A l’occasion des 15 ans de leur alliance, Renault et Nissan ont décidé de pousser plus loin leur intégration. A compter du 1er avril, quatre directions opérationnelles communes vont être créées regroupant des fonctions clés des deux constructeurs : ingénierie, fabrication et logistique, achats et ressources humaines. L'ingénierie et la fabrication seront supervisées par deux Japonais, Tsuyoshi Yamaguchi et Shohei Kimura, qui ont effectué l'essentiel de leur carrière chez Nissan. Les achats seront confiés à Christian Vandenhende, qui a rejoint Renault en 1999, et les ressources humaines à la directrice des ressources humaines de Renault, Marie-Françoise Damesin.

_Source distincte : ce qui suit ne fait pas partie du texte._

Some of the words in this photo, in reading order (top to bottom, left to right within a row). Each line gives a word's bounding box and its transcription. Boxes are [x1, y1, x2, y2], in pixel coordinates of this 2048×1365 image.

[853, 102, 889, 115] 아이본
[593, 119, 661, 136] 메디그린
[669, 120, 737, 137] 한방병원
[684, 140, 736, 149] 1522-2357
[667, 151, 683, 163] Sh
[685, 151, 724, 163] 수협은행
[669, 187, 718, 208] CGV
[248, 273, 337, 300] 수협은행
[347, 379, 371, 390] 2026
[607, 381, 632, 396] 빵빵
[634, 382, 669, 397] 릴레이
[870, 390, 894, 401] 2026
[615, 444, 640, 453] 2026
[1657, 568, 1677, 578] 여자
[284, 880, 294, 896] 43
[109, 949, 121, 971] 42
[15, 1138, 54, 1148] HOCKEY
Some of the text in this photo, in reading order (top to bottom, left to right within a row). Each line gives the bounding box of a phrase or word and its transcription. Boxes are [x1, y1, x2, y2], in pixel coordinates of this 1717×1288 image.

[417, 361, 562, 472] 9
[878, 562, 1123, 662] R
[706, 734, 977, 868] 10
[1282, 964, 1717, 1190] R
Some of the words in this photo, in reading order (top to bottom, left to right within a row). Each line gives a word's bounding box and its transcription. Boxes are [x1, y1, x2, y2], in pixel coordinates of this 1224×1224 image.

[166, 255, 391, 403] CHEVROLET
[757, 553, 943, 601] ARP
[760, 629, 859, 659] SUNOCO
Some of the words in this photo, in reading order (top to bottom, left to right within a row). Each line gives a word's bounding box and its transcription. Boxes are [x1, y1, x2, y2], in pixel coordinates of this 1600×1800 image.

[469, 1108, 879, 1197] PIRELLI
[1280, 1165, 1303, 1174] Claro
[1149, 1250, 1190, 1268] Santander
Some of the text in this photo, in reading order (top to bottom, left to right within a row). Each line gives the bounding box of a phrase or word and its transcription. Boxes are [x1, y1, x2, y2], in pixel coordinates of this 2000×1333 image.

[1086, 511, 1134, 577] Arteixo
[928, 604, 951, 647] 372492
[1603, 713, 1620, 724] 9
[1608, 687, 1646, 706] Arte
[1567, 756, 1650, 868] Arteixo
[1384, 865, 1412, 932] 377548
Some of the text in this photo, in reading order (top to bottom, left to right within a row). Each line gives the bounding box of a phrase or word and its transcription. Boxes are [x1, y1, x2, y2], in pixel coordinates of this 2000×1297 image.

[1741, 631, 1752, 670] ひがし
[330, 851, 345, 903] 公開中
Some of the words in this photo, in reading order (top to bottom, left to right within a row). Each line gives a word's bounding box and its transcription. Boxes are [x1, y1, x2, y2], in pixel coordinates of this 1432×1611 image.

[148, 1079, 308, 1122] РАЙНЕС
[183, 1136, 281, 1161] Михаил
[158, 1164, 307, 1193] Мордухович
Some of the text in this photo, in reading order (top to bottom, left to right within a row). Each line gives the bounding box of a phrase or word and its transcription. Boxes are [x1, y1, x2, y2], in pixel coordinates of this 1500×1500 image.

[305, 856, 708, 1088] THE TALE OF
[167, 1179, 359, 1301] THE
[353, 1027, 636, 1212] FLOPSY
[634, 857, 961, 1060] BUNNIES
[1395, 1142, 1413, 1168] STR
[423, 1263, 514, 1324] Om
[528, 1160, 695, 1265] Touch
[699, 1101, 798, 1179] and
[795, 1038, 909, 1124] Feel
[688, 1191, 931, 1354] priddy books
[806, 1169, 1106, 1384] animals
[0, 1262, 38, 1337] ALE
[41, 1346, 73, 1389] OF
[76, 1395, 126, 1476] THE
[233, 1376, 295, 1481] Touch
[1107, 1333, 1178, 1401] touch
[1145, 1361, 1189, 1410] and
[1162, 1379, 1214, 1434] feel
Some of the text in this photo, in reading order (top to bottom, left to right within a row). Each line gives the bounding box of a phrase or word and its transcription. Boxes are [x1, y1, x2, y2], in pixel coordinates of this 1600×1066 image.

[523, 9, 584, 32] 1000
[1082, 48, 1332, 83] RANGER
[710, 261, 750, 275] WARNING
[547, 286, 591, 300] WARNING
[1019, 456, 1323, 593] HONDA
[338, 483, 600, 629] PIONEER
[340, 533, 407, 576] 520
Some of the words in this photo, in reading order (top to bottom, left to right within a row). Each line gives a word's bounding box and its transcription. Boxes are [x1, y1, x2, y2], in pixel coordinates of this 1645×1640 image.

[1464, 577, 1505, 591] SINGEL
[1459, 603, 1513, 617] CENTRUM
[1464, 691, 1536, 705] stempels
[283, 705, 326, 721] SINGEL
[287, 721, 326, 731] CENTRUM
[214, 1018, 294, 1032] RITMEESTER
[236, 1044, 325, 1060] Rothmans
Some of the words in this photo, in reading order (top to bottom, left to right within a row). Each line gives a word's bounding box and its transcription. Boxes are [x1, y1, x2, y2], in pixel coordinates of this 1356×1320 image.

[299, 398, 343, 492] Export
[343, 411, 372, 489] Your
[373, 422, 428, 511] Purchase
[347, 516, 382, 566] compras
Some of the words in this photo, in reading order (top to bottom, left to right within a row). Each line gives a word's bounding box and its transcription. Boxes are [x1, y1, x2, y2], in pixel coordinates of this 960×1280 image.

L’ensemble sera piloté par Christian Mardrus, actuel « Managing Director de la Direction Déléguée à la Présidence de l’Alliance » et bien-sûr par Carlos Ghosn, le PDG de Renault-Nissan. « La convergence dans ces quatre fonctions clés débouchera sur une augmentation immédiate de l’efficacité et des économies d’échelle », assure ce dernier. L'alliance Renault-Nissan s'était fixée en octobre 2012 pour but d'arriver à 4 milliards d’euros de synergies en 2016. Mais une source interne avait indiqué en janvier à l'AFP que, « si on était resté sur la tendance actuelle, on serait arrivé à environ 3,3 milliards d'euros de synergies annuelles» à cette échéance. Les mesures annoncées aujourd’hui doivent permettre d’atteindre et même de dépasser l’objectif initial, puisque l’Alliance vise désormais 4,3 milliards d’euros d'économies par an à l’horizon 2016.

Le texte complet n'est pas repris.